Showing posts with label diptych. Show all posts
Showing posts with label diptych. Show all posts

Tuesday, November 9, 2010

Brilliantly renovated and cut in half

'Red Square'  and 'The Drill Rig' - An update

 This painting and the next were originally parts of the same canvas. A sudden gust of wind and the canvas was picked up and impaled on the edge of the easel. One of the many hazards of life as a plein air painter!
I had the damaged canvas standing face to the wall at home for several weeks, too depressed to look at it more closely.
Instead of a repair I finally decided to complete the surgery and separate it into 2 square canvases.
I had to decide what to lose and what to keep. The original canvas contrasted the meditative reflections of the interior with the activity of the exterior. Now they have been accidentally and forcibly separated. I was very upset at first, but, on the principle of 'whatever doesn't kill you makes you stronger', I'm starting to appreciate their qualities as separate canvases.
'Red Square'
'Red Square' oil on canvas 36 x 36cm
Now 'Red Square' is truly just that : a red square on a square canvas. Unless you know what you are looking at and where it comes from, it could be an excercise in abstraction.

Degas and the Drill Rig
'The Drill rig teams.' oil on canvas 36 x 36cm


I enjoy the idea of a 'picture within a picture', especially with the framing device such as the window or the curtain caught in the act of being moved to reveal the background image which is the real focus of the painting. That painterly trick is called "repoussir" ( 'to push back' in the original French) and I picked it up from studying the works of the master of perspective and design, the French Impressionist, Edgar Degas. While most people are looking at his ballet dancers, I try to prise apart the jigsaw of his compositions. His pastels of dancers would have been charming, yet forgettable, if they had merely presented a full length image of the subject. By cropping his subject unexpectedly and half hiding/half revealing his dancers behind staircases, furniture or doorframes, Degas added the element of surprise. There is a feeling of chance with the encounter; even an element of the voyeur.
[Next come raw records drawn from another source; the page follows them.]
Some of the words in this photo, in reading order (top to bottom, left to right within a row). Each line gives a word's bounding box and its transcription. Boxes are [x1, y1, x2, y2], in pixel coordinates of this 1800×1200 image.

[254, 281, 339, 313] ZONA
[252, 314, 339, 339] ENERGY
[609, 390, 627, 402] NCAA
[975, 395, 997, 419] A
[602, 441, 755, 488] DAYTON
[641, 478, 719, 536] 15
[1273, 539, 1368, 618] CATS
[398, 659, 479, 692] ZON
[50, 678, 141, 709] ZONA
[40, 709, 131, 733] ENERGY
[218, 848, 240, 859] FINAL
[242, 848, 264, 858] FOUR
This shows the bi-fold door half opened to reveal the drill rig teams, about to start drilling. It is unclear whether the door is opening or closing. The scene is deceptively still; the trucks have arrived; the men have set up their equipment and are poised to start work. This is the calm before the storm.

For the earlier incarnation of these 2 canvases as a single larger canvas see my post in this blog: "Red Square"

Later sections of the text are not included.